Guillermo Franco, Head of Catastrophe Risk Research – EMEA
It seems reasonable to expect a degree of uncertainty in catastrophe model results. It is not uncommon, however, for models to produce results that differ by several factors. In order to assess how much of this uncertainty is epistemic, due to our incomplete knowledge of the physical phenomena involved, this existing uncertainty needs to be quantified.
It is sometimes suggested that the quantification of uncertainty can be simply achieved through sensitivity testing, altering the model parameters and tracking changes in results. It is important to note, however, that finding the valid and scientifically plausible range of parameter values and their respective likelihood comes first.

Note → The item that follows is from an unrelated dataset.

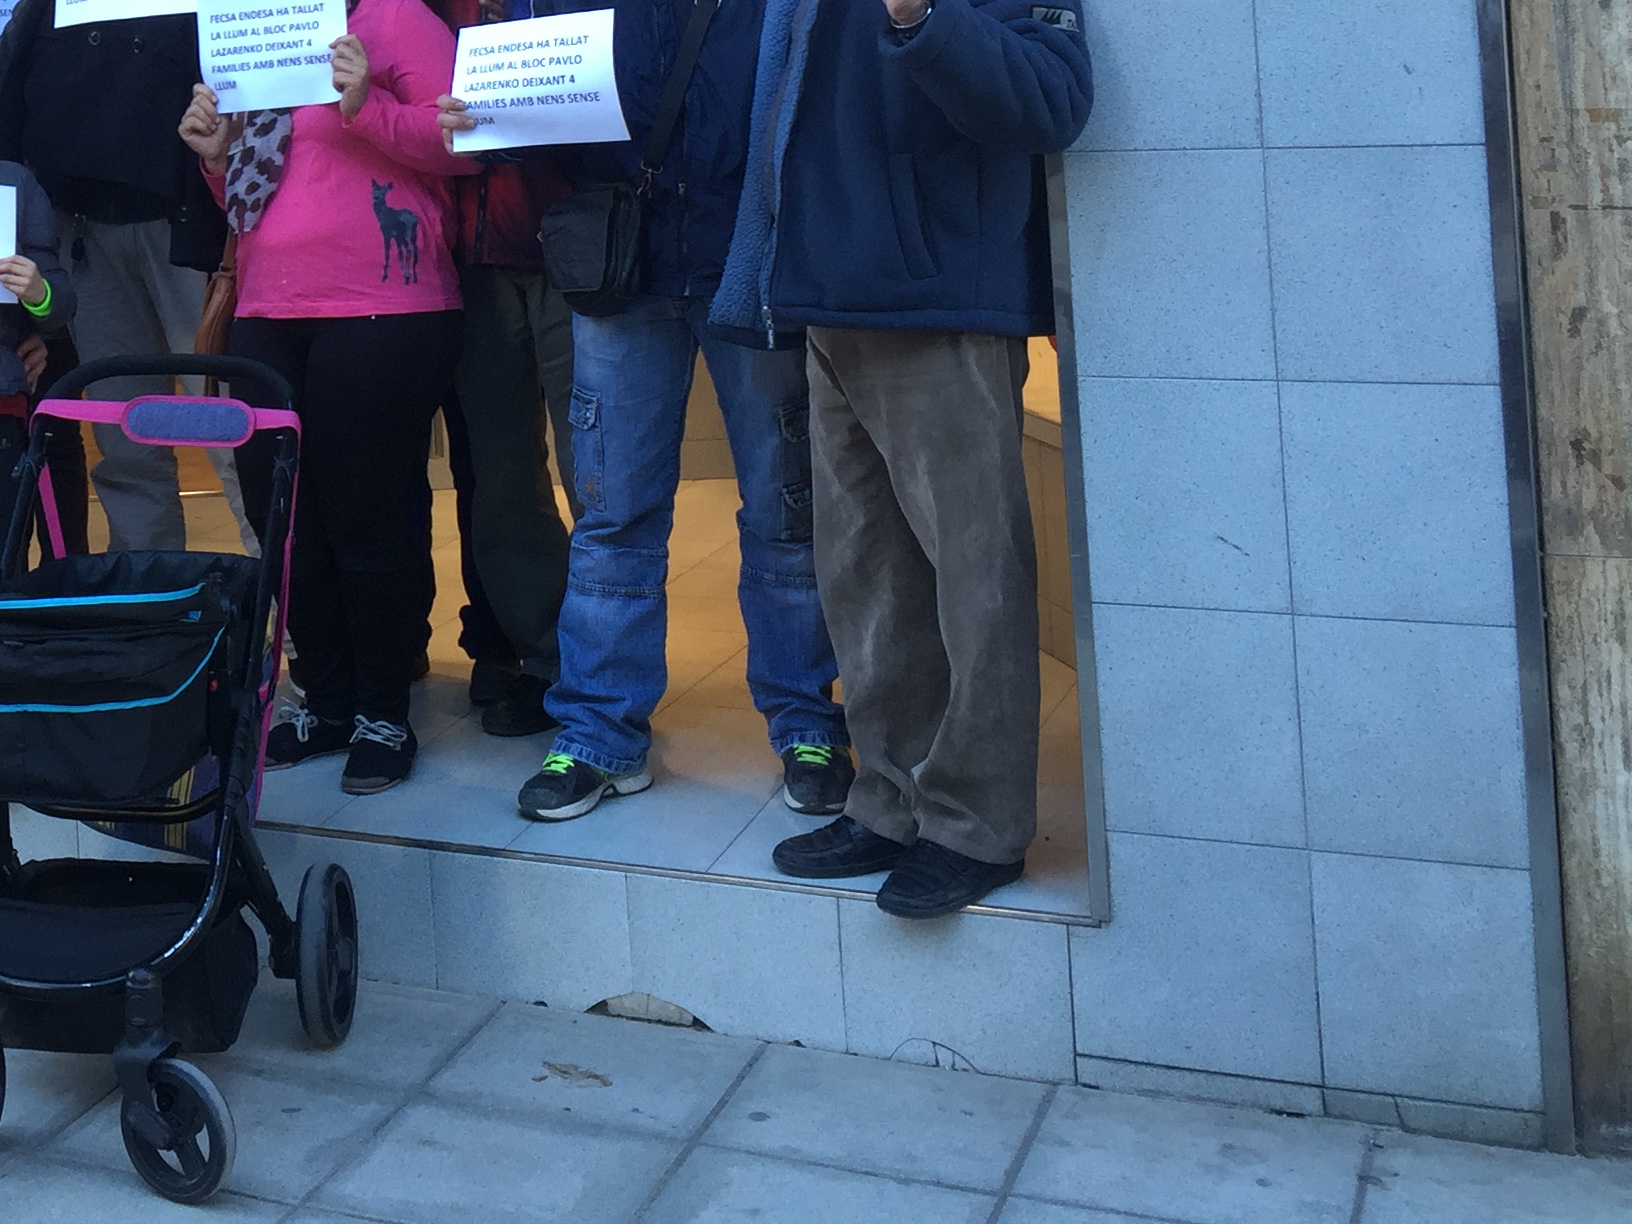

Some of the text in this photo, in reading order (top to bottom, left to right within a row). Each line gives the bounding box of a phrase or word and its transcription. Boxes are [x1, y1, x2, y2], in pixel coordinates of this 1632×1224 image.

This requires a significant research effort. Consider for instance the vulnerability assumptions for wind perils. By surveying the research (1), it seems evident that the overall body of knowledge available to characterize the damageability of buildings to wind perils is relatively slim. Yet wind models do, indeed, exist for dozens of countries and each makes assumptions on the behavior of hundreds of building classes representing varied combinations of structural features. Therefore, one can expect a great amount of uncertainty. The assessment of whether each of the model assumptions is, however, reasonable, needs to be anchored on the comparison with existing unbiased estimates, data and theories.
Carrying out this type of comparison is challenging for two reasons: First, not all models show their assumptions transparently, and second, it is difficult to find datasets with which we can compare them. Model vendors suggest that their new platforms will increase and encourage transparency, which should progressively address the first challenge. The second, so far, is to a large extent left for the market to handle and, at Guy Carpenter, the Scientific Appraisal component of the Model Suitability Analysis (MSA)SM initiative is focused on this objective.
As new models make it into the (re)insurance market through traditional or new providers, a critical evaluation of the assumptions embedded becomes ever more important. In order to successfully justify and argue a model choice or a recalibration it will be increasingly necessary to rely on quantitative scientific comparisons.
1. “A Critical Comparison of Windstorm Vulnerability Models with Application to Extra-Tropical Cyclones in Northern Europe” by M. Lopeman, G. Deodatis, and G. Franco, published at the 11th International Conference on Structural Safety and Reliability (ICOSSAR), New York, June 2013.